Parameter Files

Phosphomatics uses a yaml-style parameter file to configure initial data processing and track the creation of phosphorylation site data groups. The parameter file can be opened and edited in any plain text editor, or, alternatively, in python using the yaml library. An example parameter data file can be downloaded here and the text is copied at the end of this page.

Structure

The minimal parameter file that can be used for initial processing of data consists of five blocks; sampleAlias, columnAssignments, sampleMaps, comparisons and processing. The order of these blocks is not important.

Sample Alias Block

The sampleAlias block allows you to specify an alias for your sample names.
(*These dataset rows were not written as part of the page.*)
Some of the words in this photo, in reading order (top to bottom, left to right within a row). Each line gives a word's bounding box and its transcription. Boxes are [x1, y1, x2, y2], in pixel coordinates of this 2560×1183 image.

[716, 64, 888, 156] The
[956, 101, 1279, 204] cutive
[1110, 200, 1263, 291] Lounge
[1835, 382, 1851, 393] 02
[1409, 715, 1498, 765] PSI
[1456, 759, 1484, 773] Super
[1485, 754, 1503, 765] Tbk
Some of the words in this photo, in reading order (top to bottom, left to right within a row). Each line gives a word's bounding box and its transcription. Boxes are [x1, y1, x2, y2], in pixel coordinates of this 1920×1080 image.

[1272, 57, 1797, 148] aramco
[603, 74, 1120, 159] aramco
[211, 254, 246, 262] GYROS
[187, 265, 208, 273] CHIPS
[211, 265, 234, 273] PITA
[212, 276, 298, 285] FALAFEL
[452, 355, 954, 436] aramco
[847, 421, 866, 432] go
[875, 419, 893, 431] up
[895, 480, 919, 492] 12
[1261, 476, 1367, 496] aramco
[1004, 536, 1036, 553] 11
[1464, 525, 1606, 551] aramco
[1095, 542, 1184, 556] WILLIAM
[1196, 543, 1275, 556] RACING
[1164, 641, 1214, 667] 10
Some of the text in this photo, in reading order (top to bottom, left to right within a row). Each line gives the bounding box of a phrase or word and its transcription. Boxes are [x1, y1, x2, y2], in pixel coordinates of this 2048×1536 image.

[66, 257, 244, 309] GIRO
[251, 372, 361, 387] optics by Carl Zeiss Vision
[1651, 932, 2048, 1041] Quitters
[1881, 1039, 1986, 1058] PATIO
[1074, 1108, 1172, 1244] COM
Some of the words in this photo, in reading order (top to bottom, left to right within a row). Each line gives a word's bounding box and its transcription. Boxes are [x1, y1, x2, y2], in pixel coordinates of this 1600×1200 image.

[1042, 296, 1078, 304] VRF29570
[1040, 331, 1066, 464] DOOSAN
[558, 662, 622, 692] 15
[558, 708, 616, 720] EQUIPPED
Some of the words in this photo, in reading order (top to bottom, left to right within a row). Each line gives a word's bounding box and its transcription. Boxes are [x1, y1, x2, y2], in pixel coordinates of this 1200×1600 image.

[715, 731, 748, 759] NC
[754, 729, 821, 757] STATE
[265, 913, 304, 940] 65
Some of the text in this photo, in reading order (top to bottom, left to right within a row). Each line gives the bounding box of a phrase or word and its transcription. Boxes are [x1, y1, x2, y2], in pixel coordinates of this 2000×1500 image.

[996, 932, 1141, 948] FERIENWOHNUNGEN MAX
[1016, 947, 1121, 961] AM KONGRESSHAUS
This can be useful since many proteomics search software label these columns with the raw mass spectrometry data file name which is frequently long and verbose. Here, we alias columns in the original input files (‘QUANT_CTRL’, ‘QUANT_CTRL_1’…) to ‘CTRL’, ‘CTRL_1’ which removes the unnecessary ‘QUANT_’ prefix:

sampleAlias:
  QUANT_CTRL: CTRL
  QUANT_CTRL_1: CTRL_1
  QUANT_CTRL_2: CTRL_2
  QUANT_THZ1: THZ1
  QUANT_THZ1_1: THZ1_1
  QUANT_THZ1_2: THZ1_2
  QUANT_U0126: U0126
  QUANT_U0126_1: U0126_1
  QUANT_U0126_2: U0126_2

Note

After a sample alias has been set, the alias must be used at each subsequent point in the parameter file.

Column Assignments Block

The column assignments block contains information about how individual columns from a larger data file are to be utilised for analysis. This section consists of 7 sub sections.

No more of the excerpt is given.